Intimate partner violence is by far the most prevalent form of violence against women globally (affecting around 641 million). However, 6% of women globally report being sexually assaulted by someone other than their husband or partner. Given the high levels of stigma and under-reporting of sexual abuse, the true figure is likely to be significantly higher.

Inequities are a leading risk factor for violence against women. An estimated 37% of women living in the poorest countries have experienced physical and/or sexual intimate partner violence in their life, with some of these countries having a prevalence as high as 1 in 2. The regions of Oceania, Southern Asia and Sub-Saharan Africa have the highest prevalence rates of intimate partner violence among women aged 15-49, ranging from 33% - 51%. The lowest rates are found in Europe (16–23%), Central Asia (18%), Eastern Asia (20%) and South-Eastern Asia (21%).

This report presents data from the largest ever study of the prevalence of violence against women, conducted by WHO on behalf of a special working group of the United Nations. Based on data from 2000 to 2018, it updates previous estimates released in 2013. While the numbers reveal already alarmingly high rates of violence against women and girls, they do not reflect the ongoing impact of the COVID-19 pandemic. WHO and partners warn that the COVID-19 pandemic has further increased women’s exposure to violence, as a result of measures such as lockdowns and disruptions to vital support services.

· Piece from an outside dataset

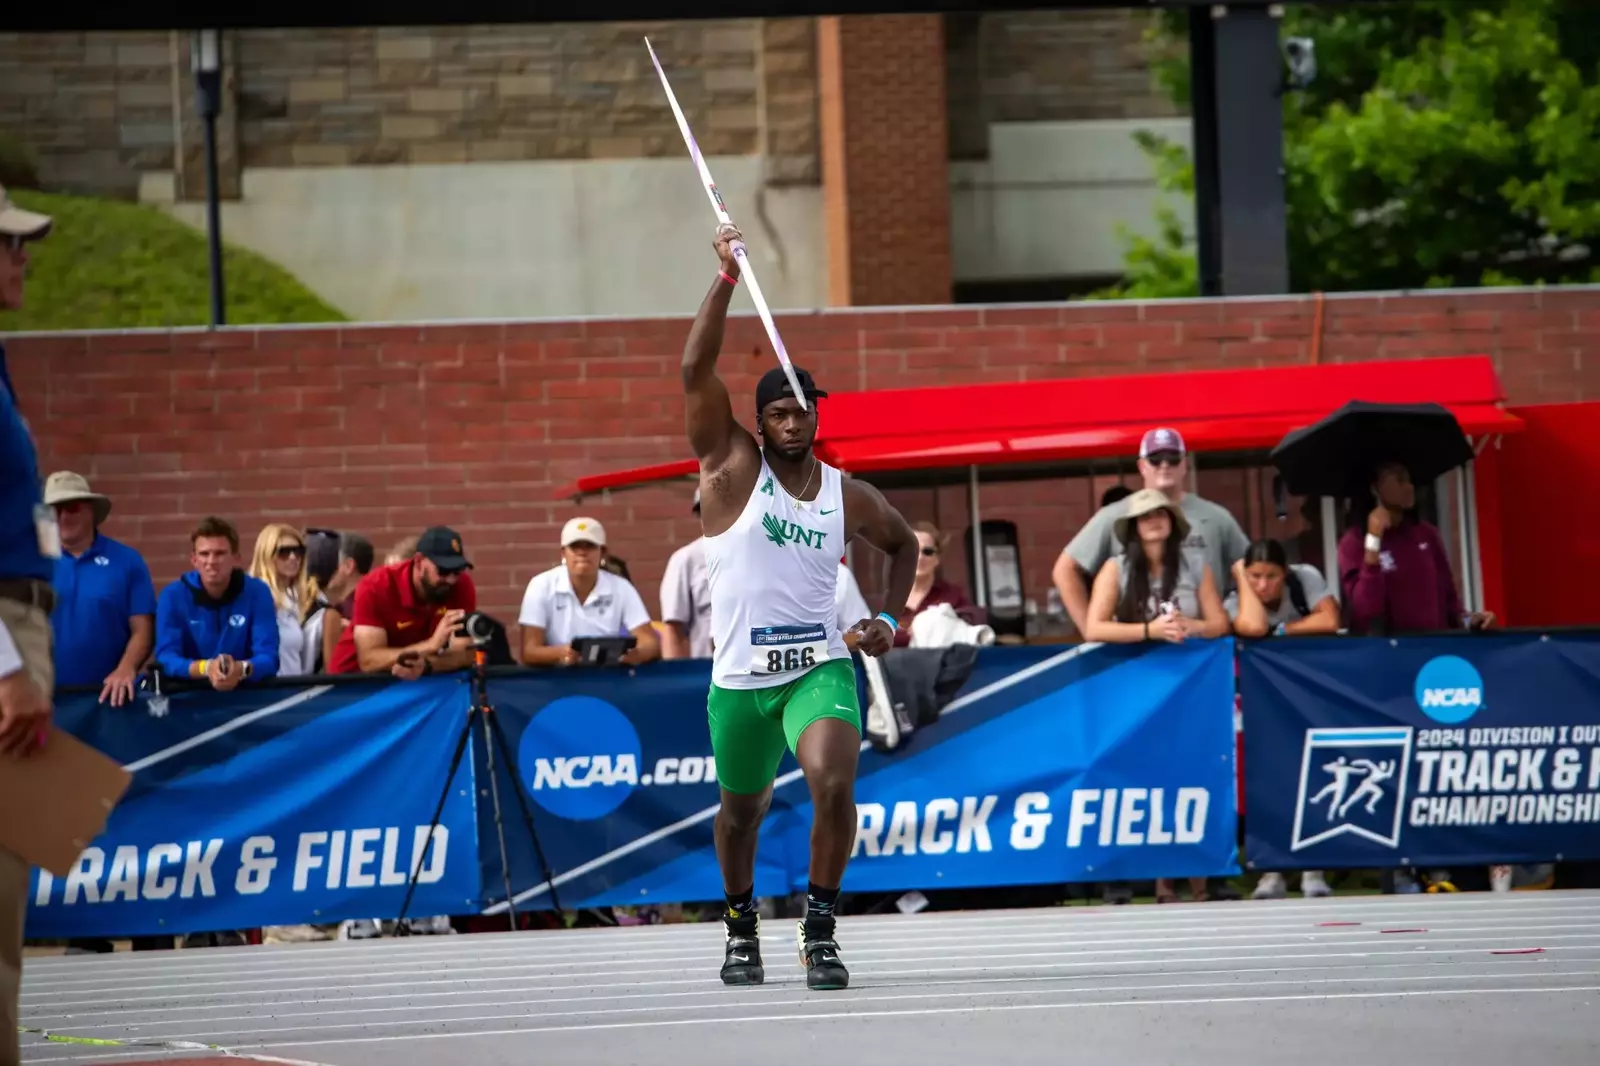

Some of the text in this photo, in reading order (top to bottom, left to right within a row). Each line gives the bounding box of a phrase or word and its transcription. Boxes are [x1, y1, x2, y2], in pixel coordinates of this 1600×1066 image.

UN Women Executive Director Phumzile Mlambo-Ngcuka shared that the multiple impacts of COVID-19 have triggered a “shadow pandemic” of increased reported violence of all kinds against women and girls, and is at its worst for young women aged 15-24 who may also be young mothers.

Dr Tedros Adhanom Ghebreyesus, WHO Director-General shared that violence against women is endemic in every country and culture, causing harm to millions of women and their families, and has been exacerbated by the COVID-19 pandemic. Unlike COVID-19, violence against women cannot be stopped with a vaccine. There is a need for governments, communities and individuals to change harmful attitudes, improve access to opportunities and services for women and girls, and foster healthy and mutually respectful relationships.

About the report:

The report, Global, regional and national estimates for intimate partner violence against women and global and regional estimates for non-partner sexual violence against women was developed by WHO and the UNDP-UNFPA-UNICEF-WHO-World Bank Special Programme of Research, Development and Research Training in Human Reproduction (HRP) for the United Nations Inter-Agency Working Group on Violence Against Women Estimation and Data. The Working Group includes representatives from WHO, UN Women, UNICEF, UNFPA, the United Nations Office on Drugs and Crime (UNODC) and the United Nations Statistics Division (UNSD) to strengthen the measurement and monitoring and reporting of violence against women, including for the purposes of monitoring the related indicators of the Sustainable Development Goals (SDGs). National data collection on intimate partner violence has increased significantly since the previous 2010 estimates, although challenges remain with data quality and availability. Sexual violence, in particular, remains one of the most taboo and stigmatizing forms and hence continues to be vastly underreported. Financial support for the analysis and report was provided by the Foreign, Commonwealth and Development Office of the United Kingdom.